Restate, exactly as written, the entries below from the line that holds "this 1600×1067 image." through the line that holds "this 2000×1361 image.". Pictures are not part of the copy.

*** Opening MATERIAL TO PROCESS ***

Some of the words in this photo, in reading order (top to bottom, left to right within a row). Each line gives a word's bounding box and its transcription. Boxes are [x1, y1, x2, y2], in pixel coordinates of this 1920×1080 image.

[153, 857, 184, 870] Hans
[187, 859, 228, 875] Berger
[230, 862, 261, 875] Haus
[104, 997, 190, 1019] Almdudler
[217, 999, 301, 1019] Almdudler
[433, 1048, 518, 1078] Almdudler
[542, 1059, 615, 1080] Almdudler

*** Closing MATERIAL TO PROCESS ***
*** Opening MATERIAL TO PROCESS ***

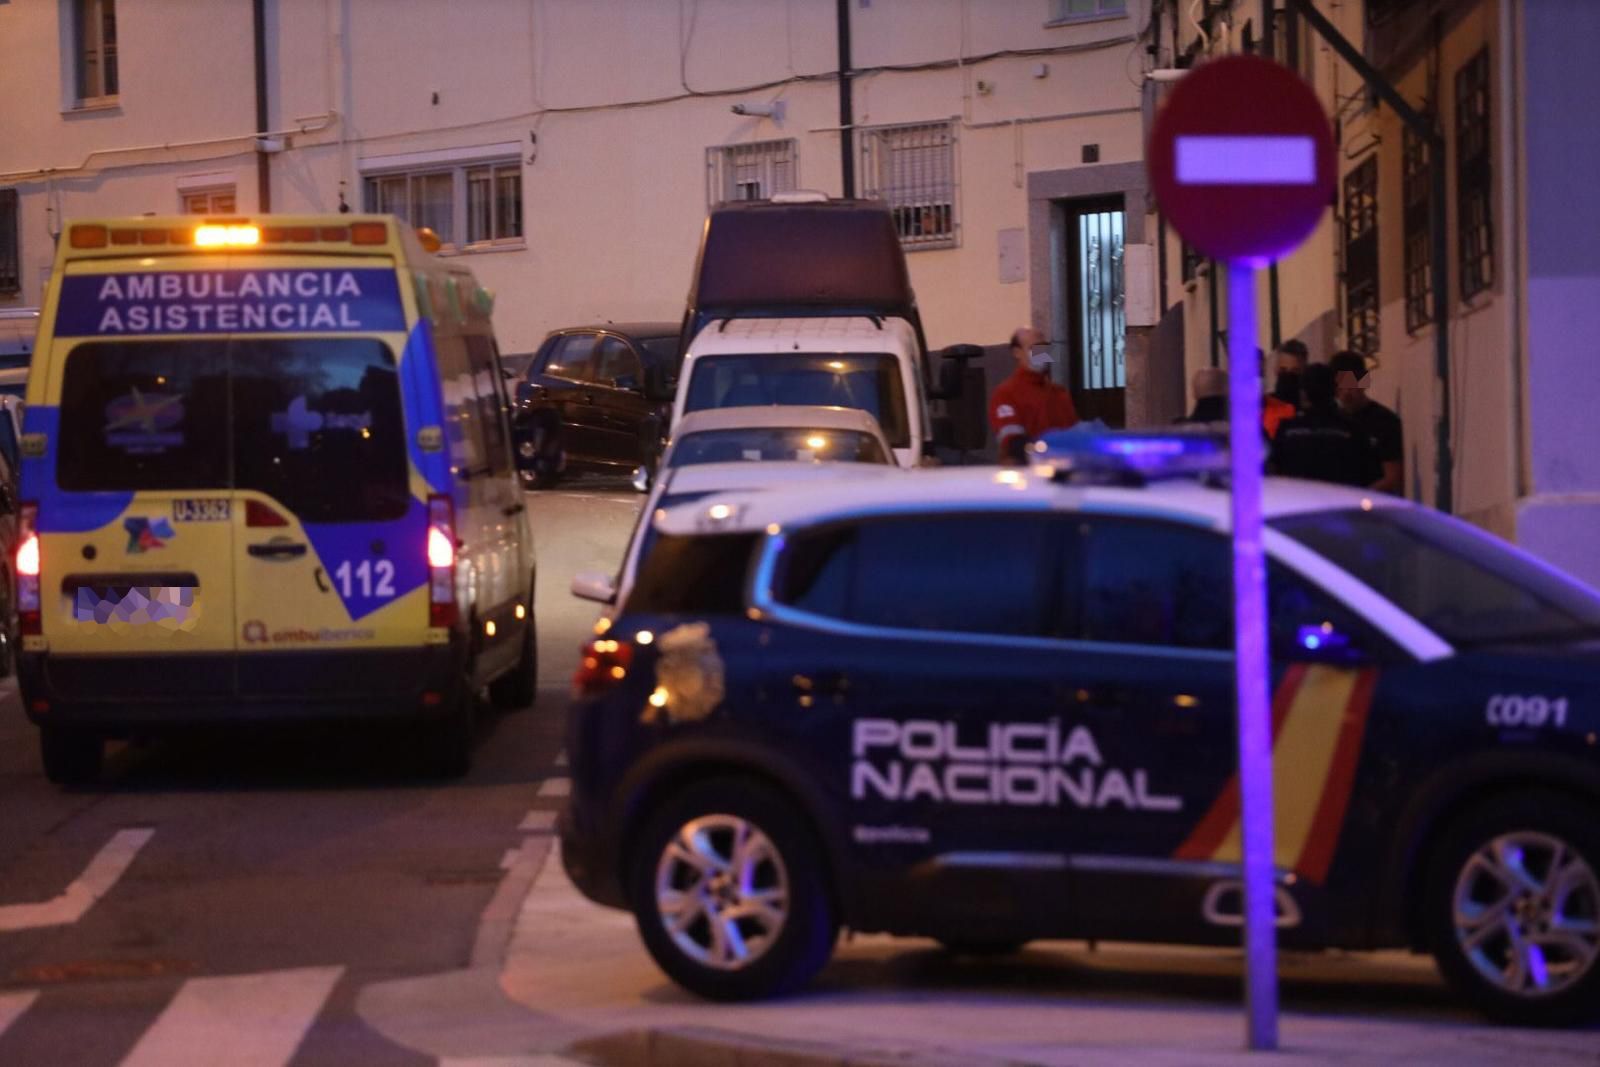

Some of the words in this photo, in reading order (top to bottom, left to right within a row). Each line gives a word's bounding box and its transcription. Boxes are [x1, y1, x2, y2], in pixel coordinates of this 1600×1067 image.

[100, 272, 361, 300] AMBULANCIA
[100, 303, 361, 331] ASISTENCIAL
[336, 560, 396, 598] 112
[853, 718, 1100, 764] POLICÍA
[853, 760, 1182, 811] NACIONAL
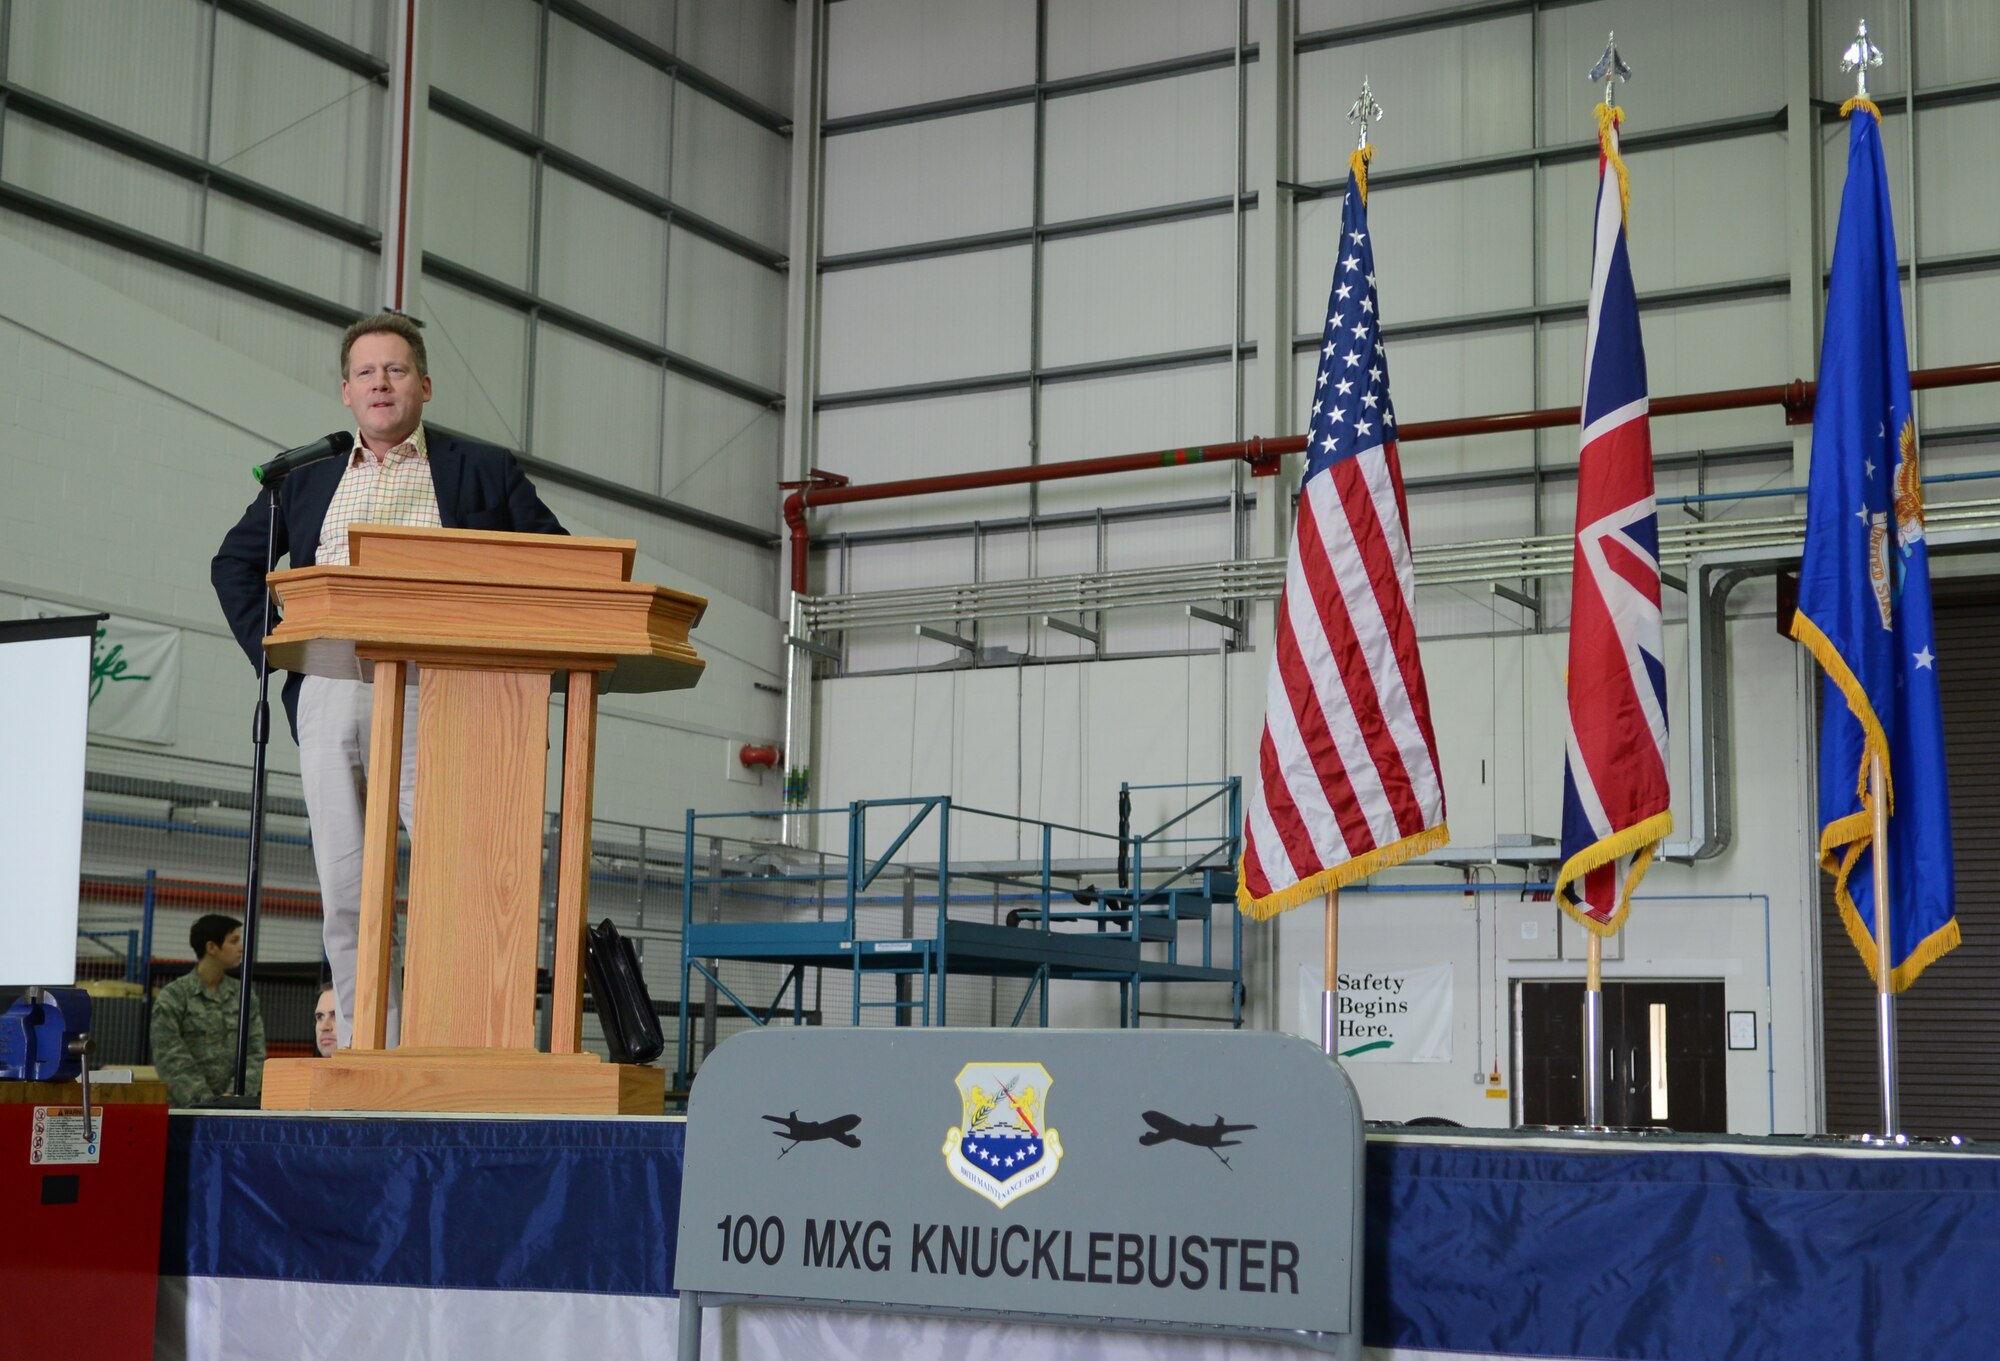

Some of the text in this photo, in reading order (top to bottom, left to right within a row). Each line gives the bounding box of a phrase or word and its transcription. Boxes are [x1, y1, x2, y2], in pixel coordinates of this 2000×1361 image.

*** Closing MATERIAL TO PROCESS ***
*** Opening MATERIAL TO PROCESS ***

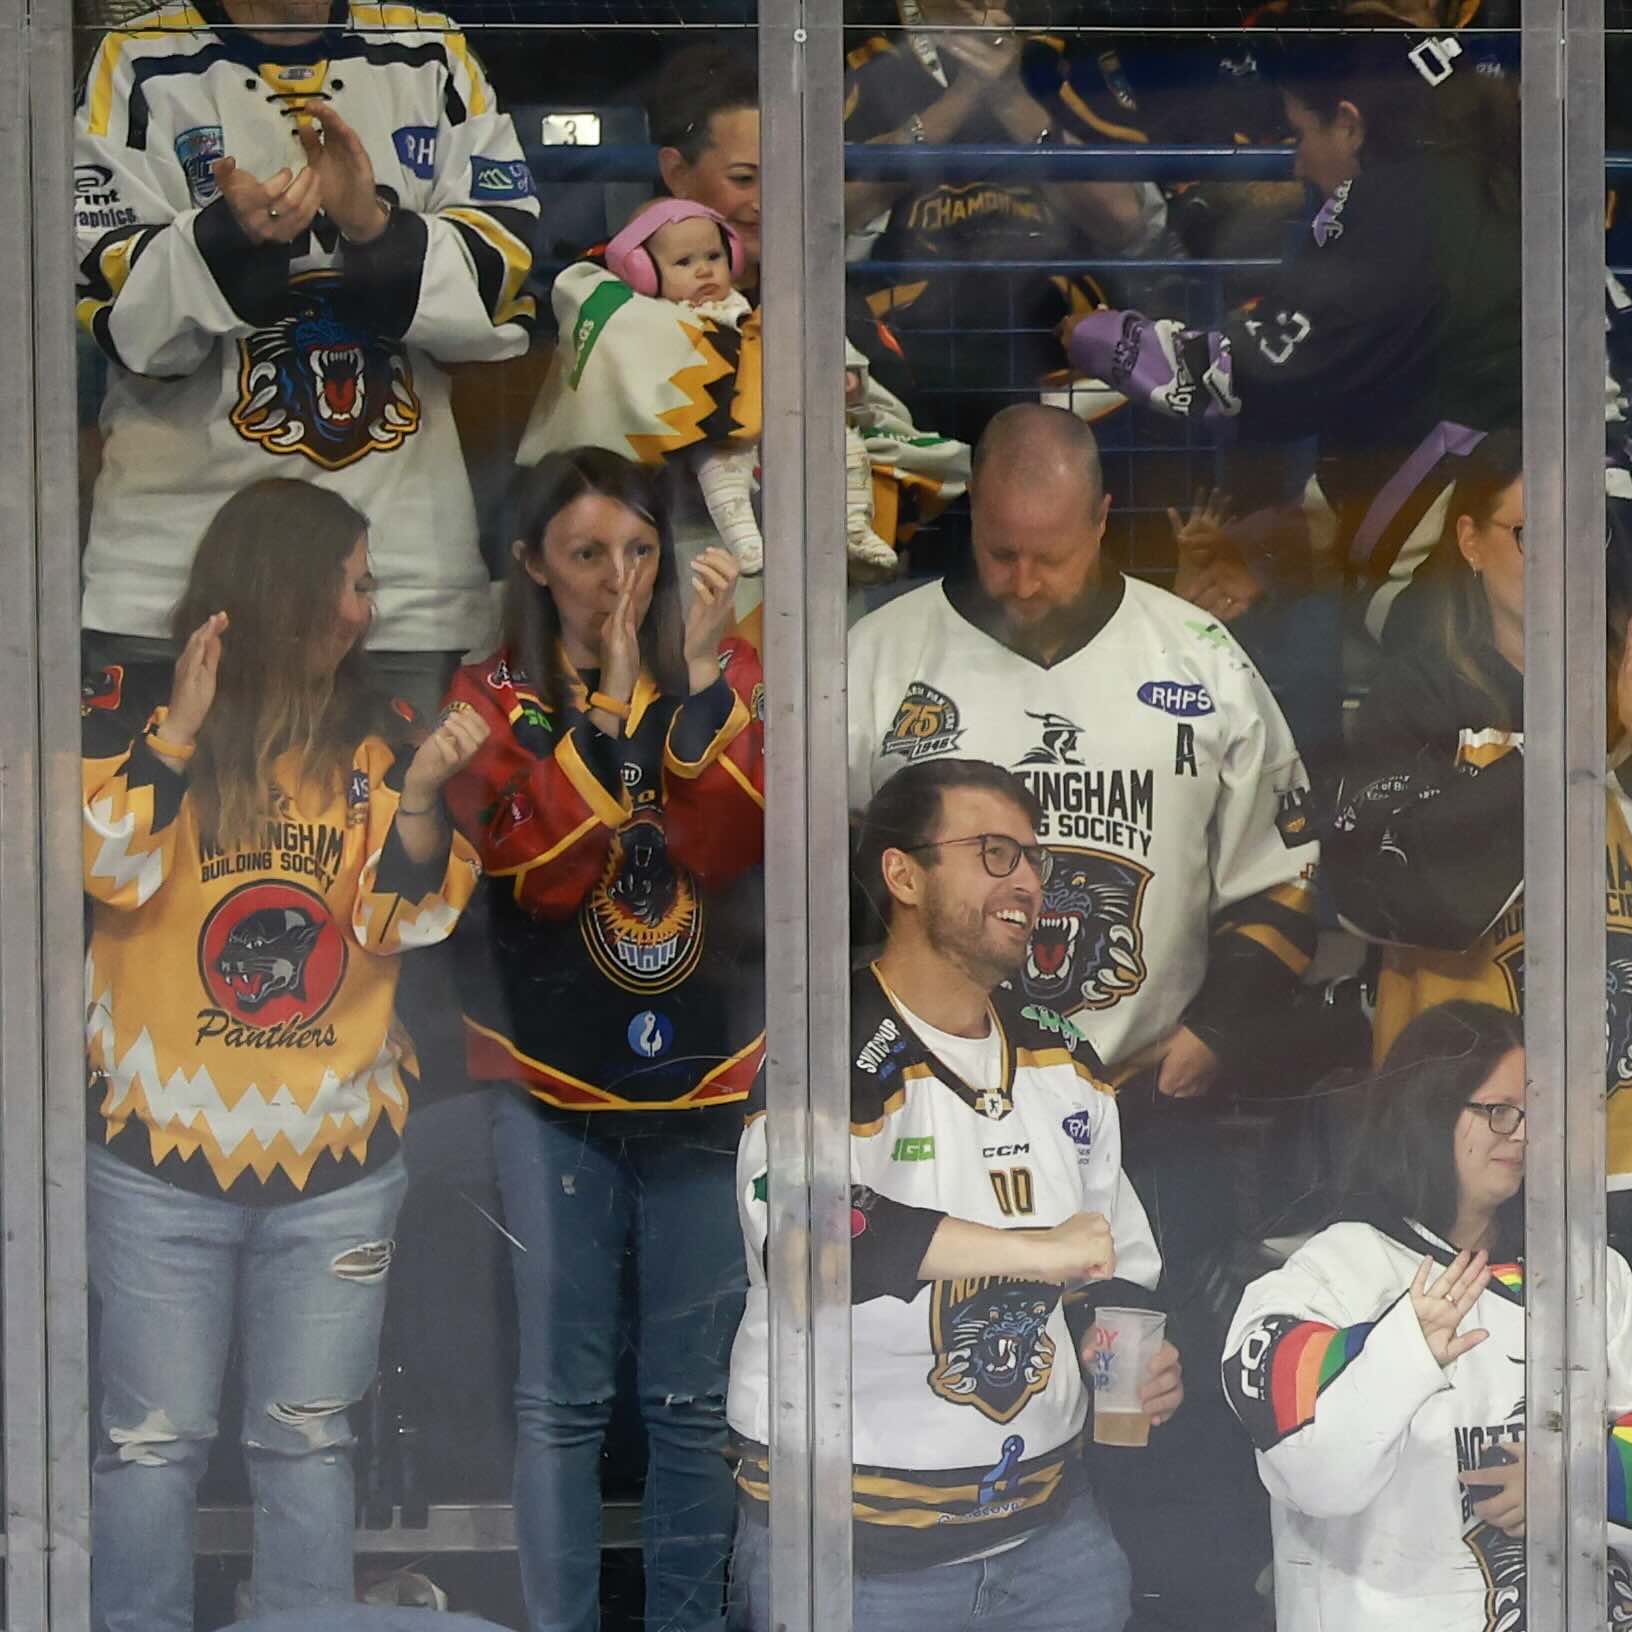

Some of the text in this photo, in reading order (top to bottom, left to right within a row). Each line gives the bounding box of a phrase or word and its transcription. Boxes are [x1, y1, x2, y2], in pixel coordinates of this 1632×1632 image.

*** Closing MATERIAL TO PROCESS ***

## TASK ANSWER
Some of the words in this photo, in reading order (top to bottom, left to right within a row). Each line gives a word's bounding box and its transcription. Boxes are [x1, y1, x2, y2], in pixel coordinates of this 1600×1067 image.

[100, 272, 361, 300] AMBULANCIA
[100, 303, 361, 331] ASISTENCIAL
[336, 560, 396, 598] 112
[853, 718, 1100, 764] POLICÍA
[853, 760, 1182, 811] NACIONAL

Some of the text in this photo, in reading order (top to bottom, left to right within a row). Each line gives the bounding box of a phrase or word and its transcription. Boxes are [x1, y1, x2, y2], in pixel coordinates of this 2000×1361 image.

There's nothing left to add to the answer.